La porte d'en face, celle qui donnait sur la place de la gare, s'ouvrit.
L'homme entra chez lui . Il accrocha son manteau. Il posa ses chaussures sur le sol. La journée avait été harassante. Entre le directeur qui voulait modifier les normes alimentaires de service et les stagiaires qui ne comprenaient pas pourquoi la directive 45 ne pouvait pas s'accorder avec le protocole ZYB23, il avait l'impression d’avoir passé huit heures au milieu de vampires débiles qui lui drainaient lentement ses capacités cérébrales.
Décidé à oublier supérieurs et stagiaires, il lança son ordinateur.
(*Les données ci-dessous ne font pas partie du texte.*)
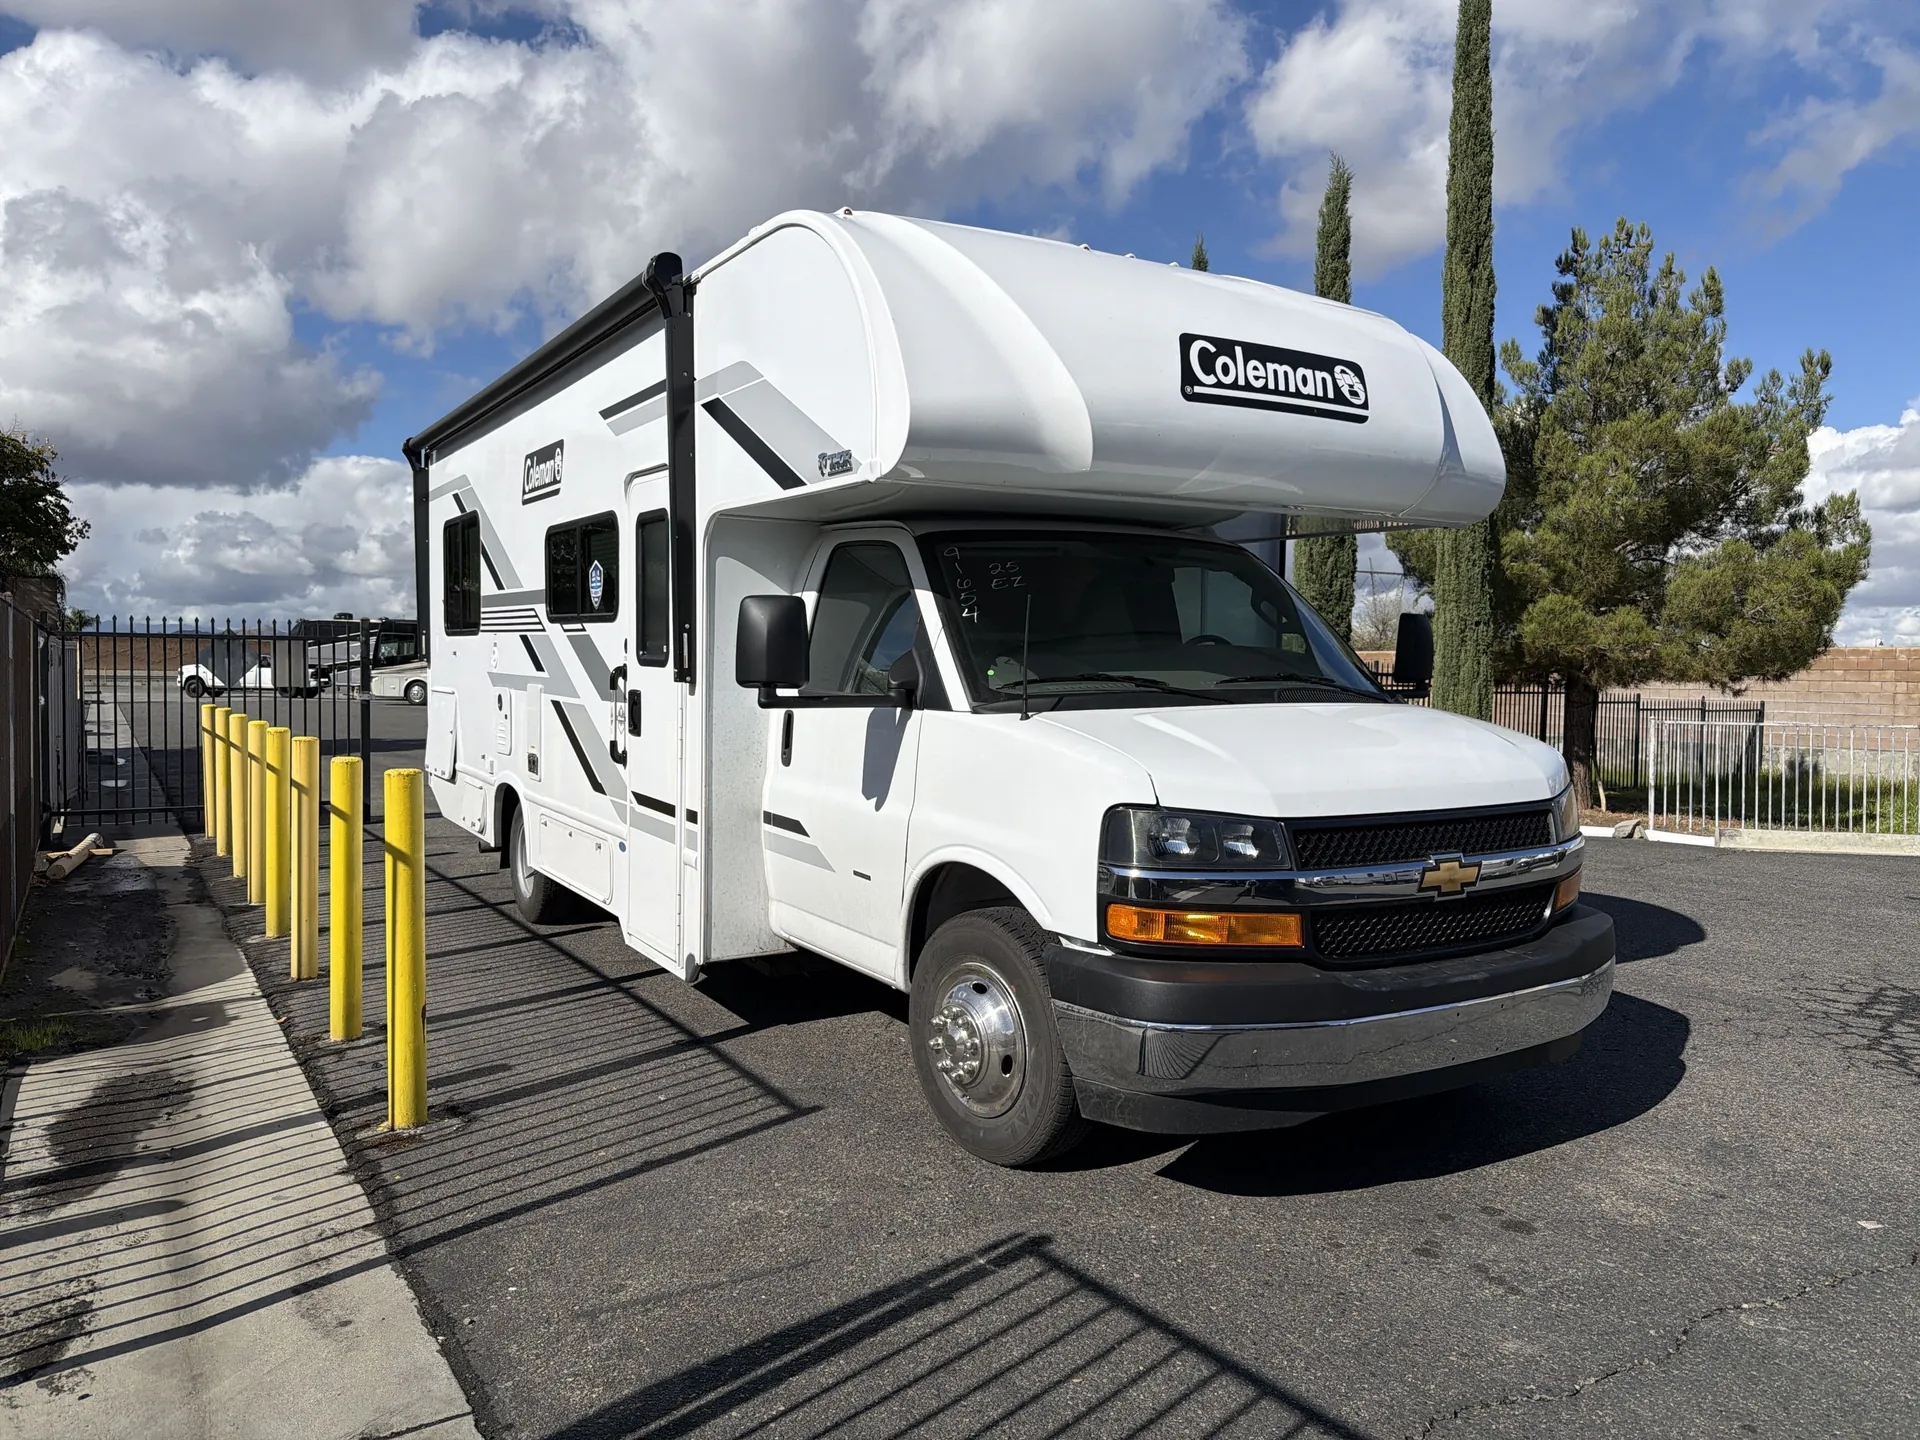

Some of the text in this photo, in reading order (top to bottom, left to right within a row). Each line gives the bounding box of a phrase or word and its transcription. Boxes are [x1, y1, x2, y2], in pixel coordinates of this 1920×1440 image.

[1189, 339, 1335, 399] Coleman
[524, 455, 555, 493] Coleman
[988, 560, 1023, 575] 25
La dernière fois, il avait laissé ces héros à la ville d'Iristoc. Il fallait maintenant les emmener jusqu’à la scène du meurtre de Tyris pour qu'il remonte la piste jusqu’à Isalin.
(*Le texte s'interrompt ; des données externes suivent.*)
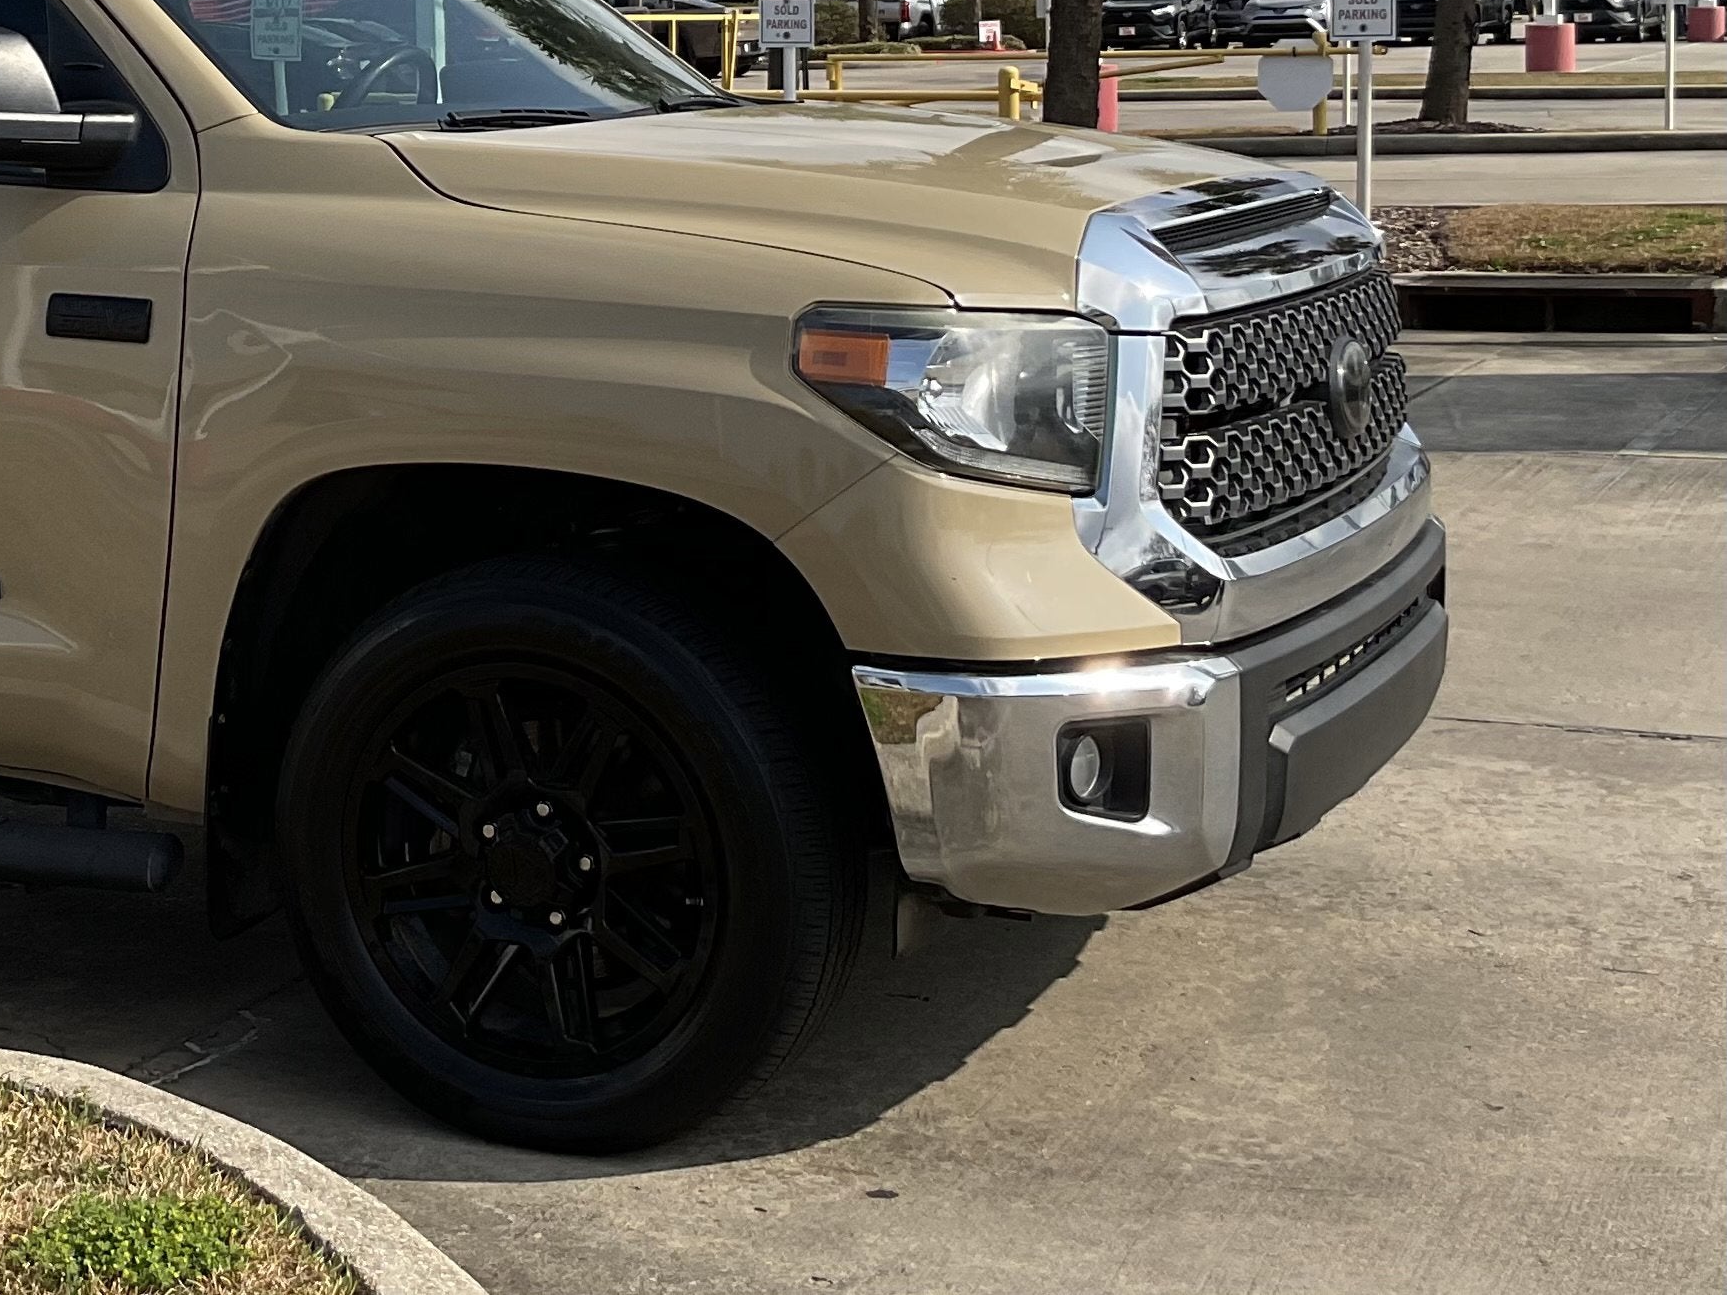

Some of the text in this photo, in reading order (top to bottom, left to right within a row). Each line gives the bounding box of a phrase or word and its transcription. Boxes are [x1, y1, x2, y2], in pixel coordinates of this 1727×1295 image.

[774, 5, 800, 16] SOLD
[1338, 8, 1388, 21] PARKING
[766, 18, 808, 30] PARKING
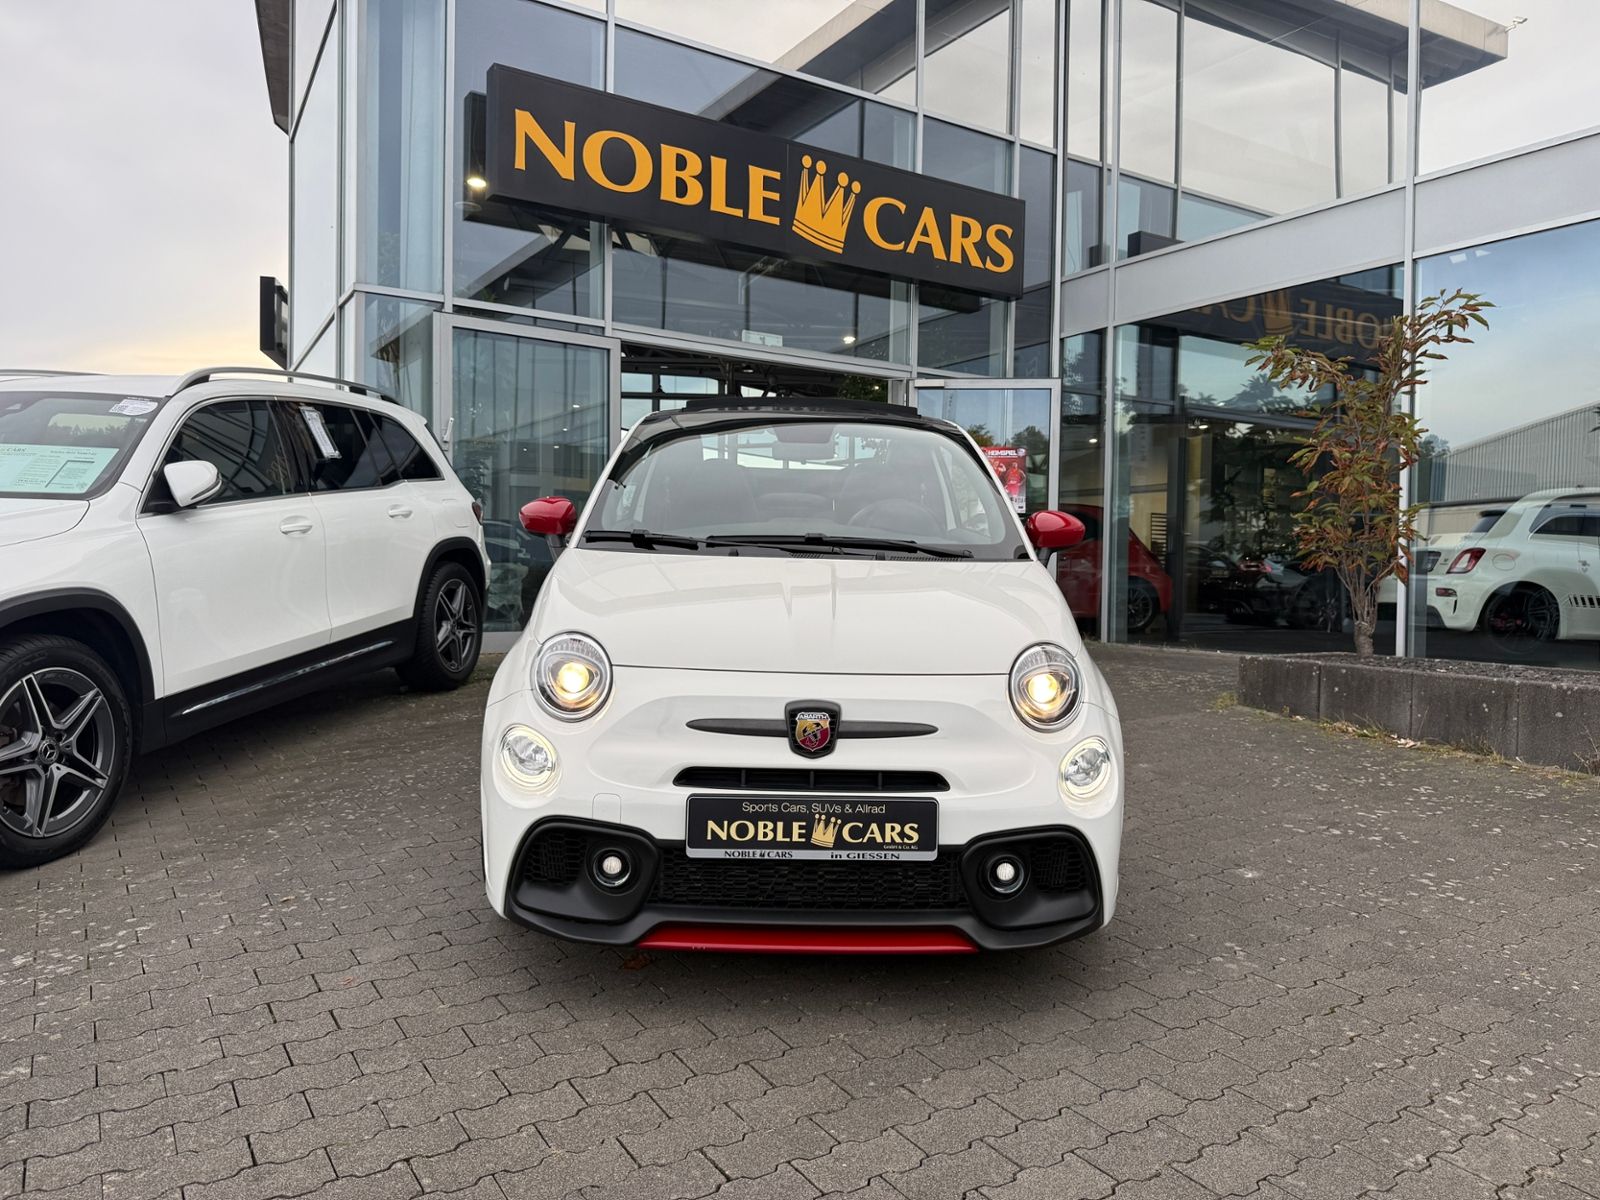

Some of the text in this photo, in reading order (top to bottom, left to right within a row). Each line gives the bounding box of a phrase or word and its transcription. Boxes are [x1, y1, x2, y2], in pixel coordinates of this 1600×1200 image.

[514, 109, 1015, 274] NOBLE CARS
[742, 802, 886, 814] Sports Cars, SUVs & Allrad
[706, 820, 919, 844] NOBLE CARS
[724, 850, 900, 860] NOBLE CARS in GIESSEN
Après le léger vrombissement caractérisant la mise en marche, il relut ce qu'il avait pianoté la dernière fois.
"Allons vers les plaines d'Elsyks". Cette ultime phrase le paralysait. Il essayait de s'imaginer, flottant dans le monde d'obros, gouvernant ses personnages. Il les considérait comme ses enfants et l'homme sentait que son devoir était de leur donner vie.
"La directive 45 exclut le protocole ZYB23, car dans son essence même, l'alimentaire végétal doit être distingué en plusieurs sous parties, la B23 la B47bis et la B68."
La page restait vierge, impossible de visualiser autre chose que son vétuste ordinateur, que son bureau grisâtre, que son rapport à rendre sur la possibilité d’améliorer les normes alimentaires de services.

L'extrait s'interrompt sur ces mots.